**Task item:**
Copy every line of the records exactly, without including the images.
============================================================
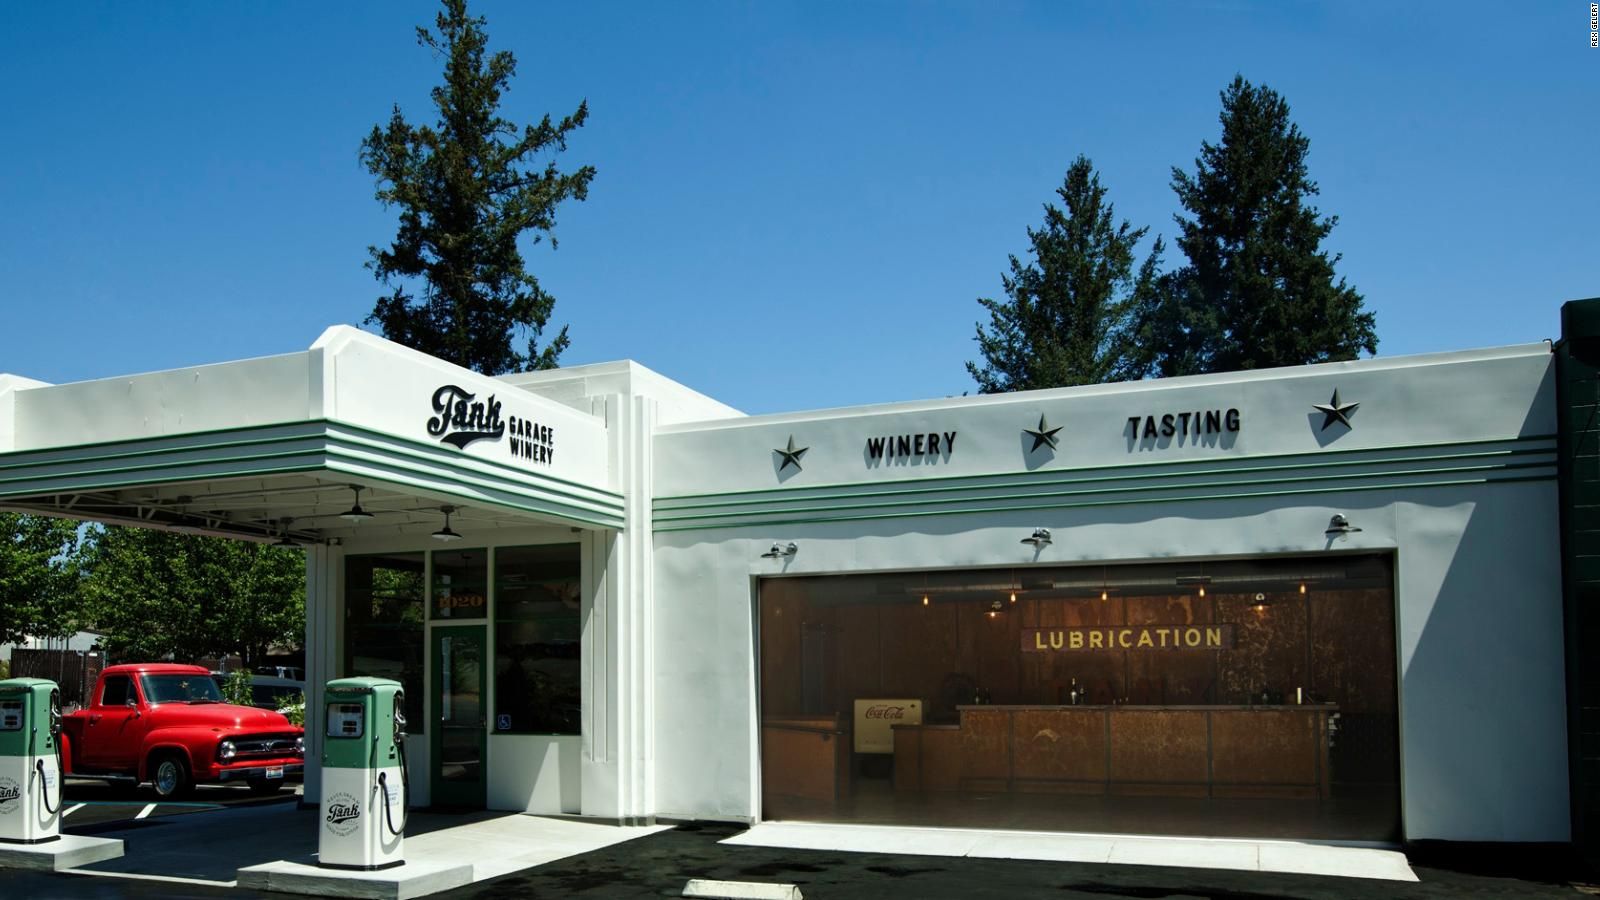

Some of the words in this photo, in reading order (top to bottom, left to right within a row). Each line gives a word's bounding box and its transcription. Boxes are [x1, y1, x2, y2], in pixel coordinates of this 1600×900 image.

[427, 384, 505, 450] Tank
[509, 416, 553, 445] GARAGE
[1128, 408, 1240, 440] TASTING
[509, 436, 554, 465] WINERY
[867, 431, 957, 459] WINERY
[1035, 628, 1222, 649] LUBRICATION
[326, 803, 360, 824] Tank
============================================================
**Result of the exercise:**
Some of the words in this photo, in reading order (top to bottom, left to right within a row). Each line gives a word's bounding box and its transcription. Boxes are [x1, y1, x2, y2], in pixel coordinates of this 1600×900 image.

[427, 384, 505, 450] Tank
[509, 416, 553, 445] GARAGE
[1128, 408, 1240, 440] TASTING
[509, 436, 554, 465] WINERY
[867, 431, 957, 459] WINERY
[1035, 628, 1222, 649] LUBRICATION
[326, 803, 360, 824] Tank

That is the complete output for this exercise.